Há, é verdade, quem argumente que, na ausência das importações, a demanda teria sido suprida pela produção local, mas basta observar o setor industrial trabalhando no limite da sua capacidade para perceber que, não fosse a ampliação das importações, ou a inflação já teria se desviado significativamente da meta, ou o Banco Central já teria elevado os juros e contido o crescimento da demanda doméstica.

Vale dizer, o ressurgimento do déficit em conta corrente é a conseqüência natural do crescimento da demanda doméstica.
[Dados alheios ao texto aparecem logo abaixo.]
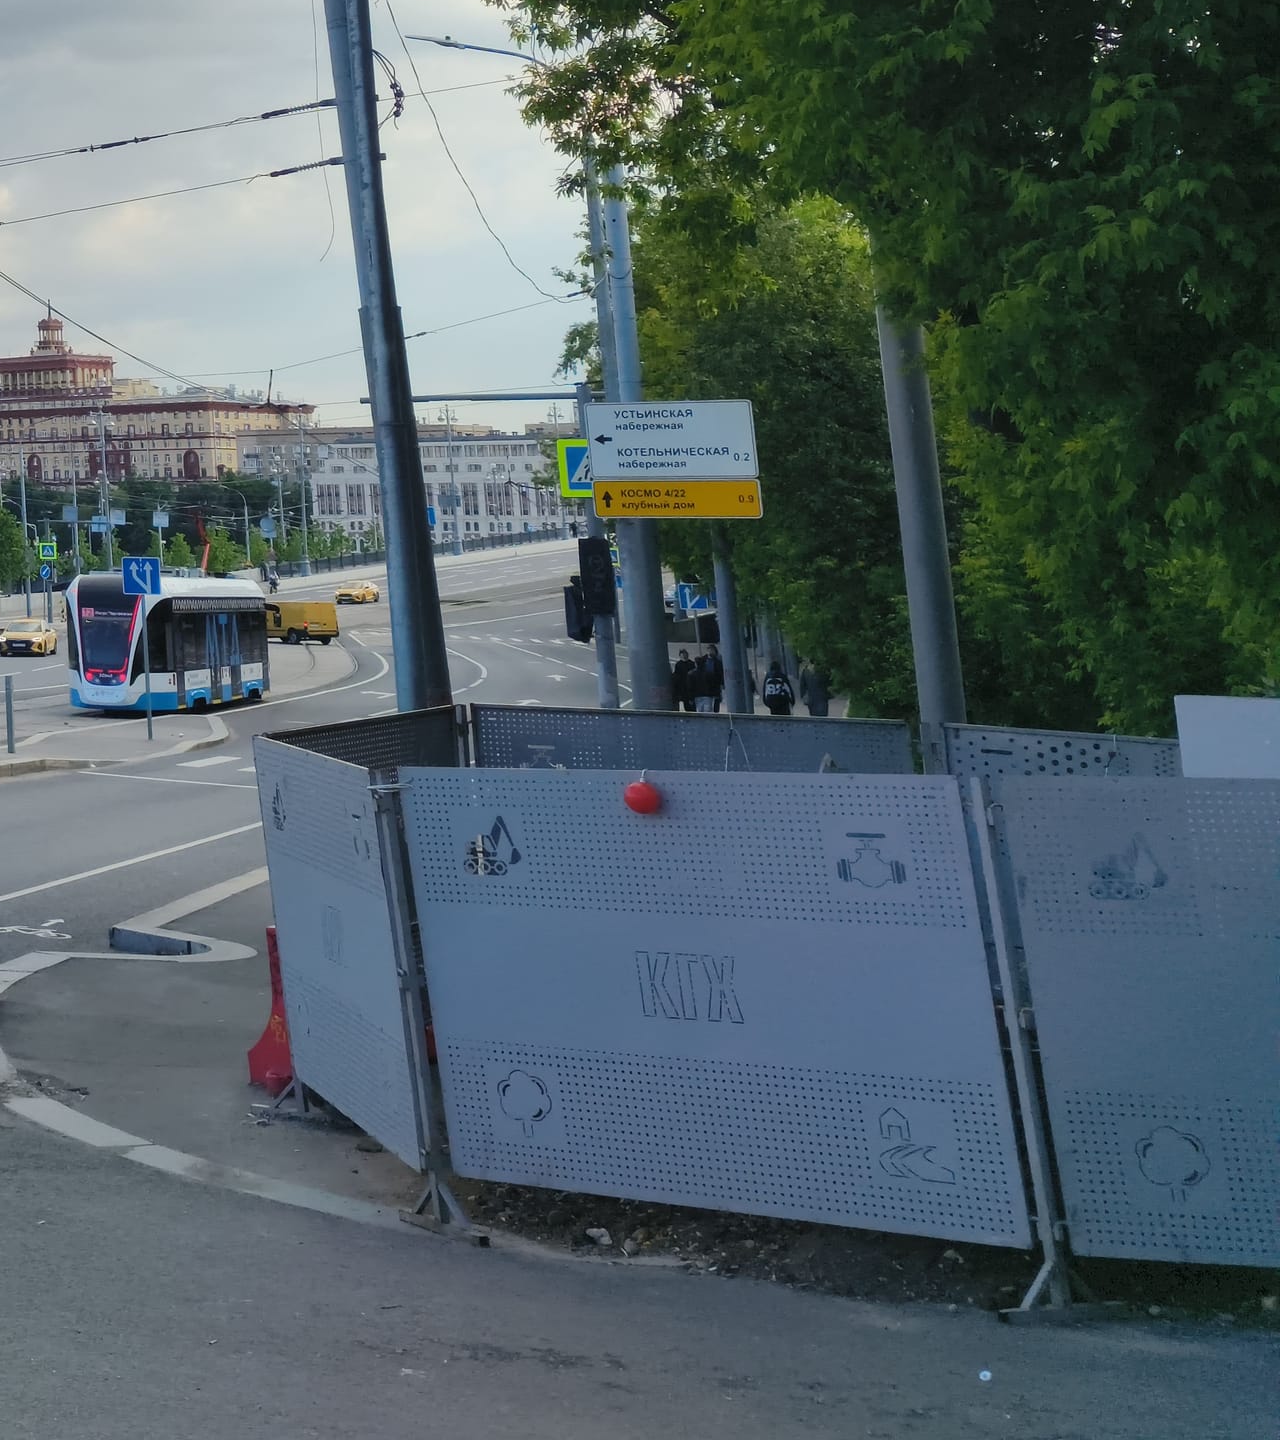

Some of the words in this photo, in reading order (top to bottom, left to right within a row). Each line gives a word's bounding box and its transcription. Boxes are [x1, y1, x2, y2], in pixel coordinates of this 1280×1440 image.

[614, 409, 693, 419] УСТЬИНСКАЯ
[615, 422, 684, 432] набережная
[617, 447, 729, 457] КОТЕЛЬНИЧЕСКАЯ
[618, 460, 687, 470] набережная
[620, 488, 662, 498] КОСМО
[664, 488, 686, 498] 4/22
[621, 501, 670, 511] клубный
[673, 501, 695, 510] дом
[635, 950, 744, 1024] КГХ
Se o governo está preocupado com isto deveria reduzir seus gastos, embora pareça mais inclinado, como sempre, a reduzir o gasto alheio.

(Publicado 2/Abr/2008)

terça-feira, 1 de abril de 2008

A pedido do público...

segue mais uma pérola. Realmente é egoísmo me divertir sozinho.

"Mas que bazófia, contadorzinho metido a besta...

Agora quer se fazer de mais importante, gabando-se da visita de um filósofo a seu humilde e medíocre barracão de adoradores do Deus-mercado?

Não! Podem todos vocês voltar para o onanismo intelectual, sua competição estéril e bastarda por modelos desprovidos de humanidade que tentam validar que um trabalhador desempregado seja apenas um vagabundo a procura do lazer... Pois projetam-se, labutar que é bom, vocês rentistas nem devem saber!

Mas nossa hora ja chegou. O banco central precisa é de creolina, desinfetante, para o povo brasileiro alijado por tanto tempo finalmente chegar ao poder. Quinhentos anos de ditadura, e vocês vão ver, basta só uma limpezinha, e quero ver a roubalheira da SELIC continuar, veremos... todo a dinheirama circulando no limbo financeirista vai se reverter para a produção, vai ter derivativo virando ferramenta industrial!!

Chega de ratos elitistas e oligarcas do ócio!

É com o Estado, estúpido!

Hegeliano

PS. Sempre eh bom pensar em termos praticos, eu vejo um futuro brilhante com Paulo Nogueira Batista Jr no Bacen e Ciro na Fazenda, não vai ter mais Índia ou China olhando para gente no retrovisor."